[What this task involves]: Retype every record exactly. Leave the pictures out.

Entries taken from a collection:
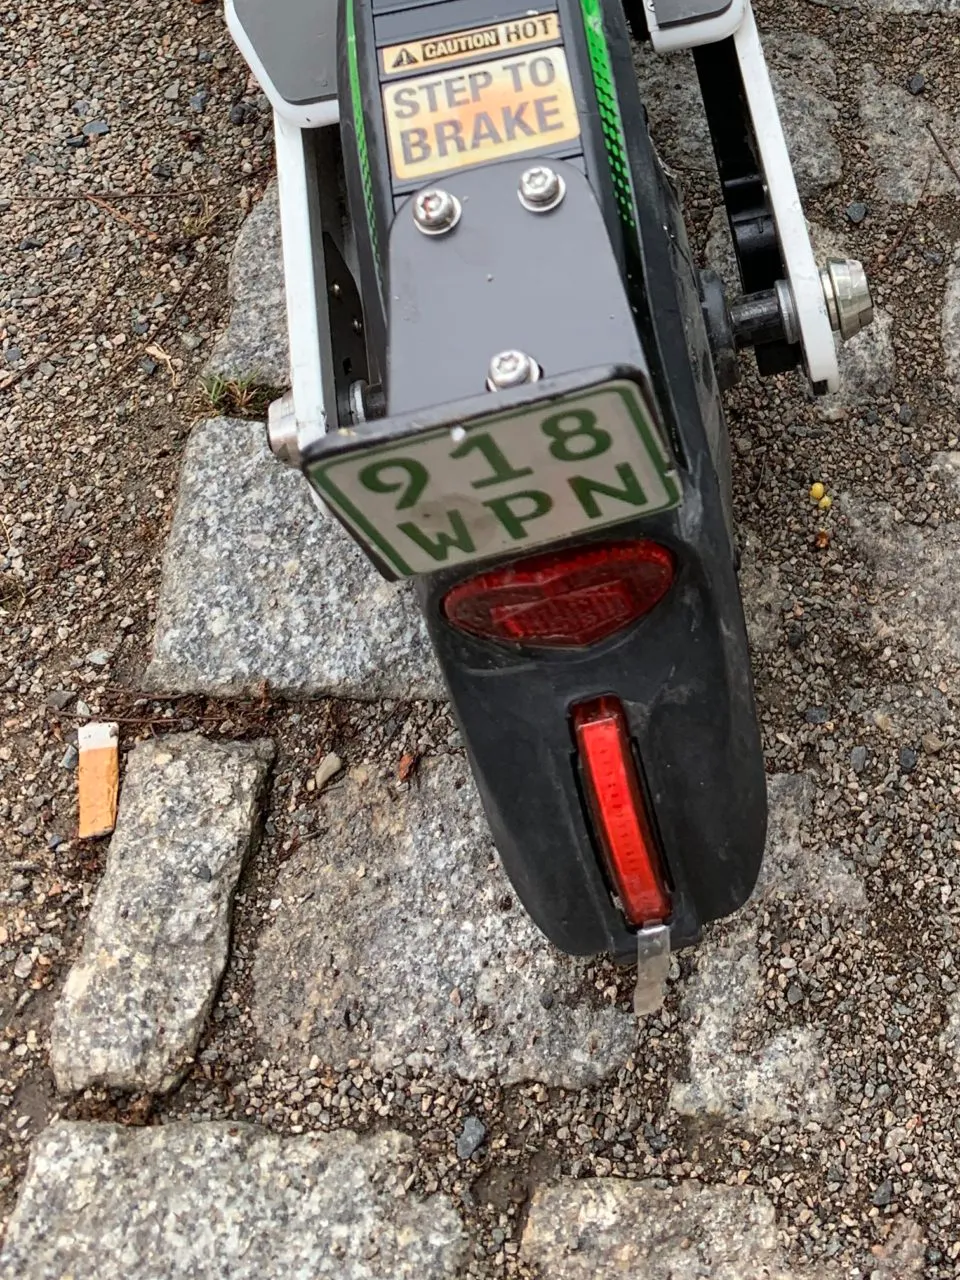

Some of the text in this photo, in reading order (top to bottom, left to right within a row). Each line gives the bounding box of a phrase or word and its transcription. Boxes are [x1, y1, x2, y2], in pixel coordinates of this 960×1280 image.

[424, 17, 552, 59] CAUTION HOT
[393, 56, 556, 119] STEP TO
[400, 96, 564, 165] BRAKE
[358, 408, 612, 511] 918
[397, 462, 648, 562] WPN

[Output for this exercise]:
Some of the text in this photo, in reading order (top to bottom, left to right within a row). Each line gives the bounding box of a phrase or word and its transcription. Boxes are [x1, y1, x2, y2], in pixel coordinates of this 960×1280 image.

[424, 17, 552, 59] CAUTION HOT
[393, 56, 556, 119] STEP TO
[400, 96, 564, 165] BRAKE
[358, 408, 612, 511] 918
[397, 462, 648, 562] WPN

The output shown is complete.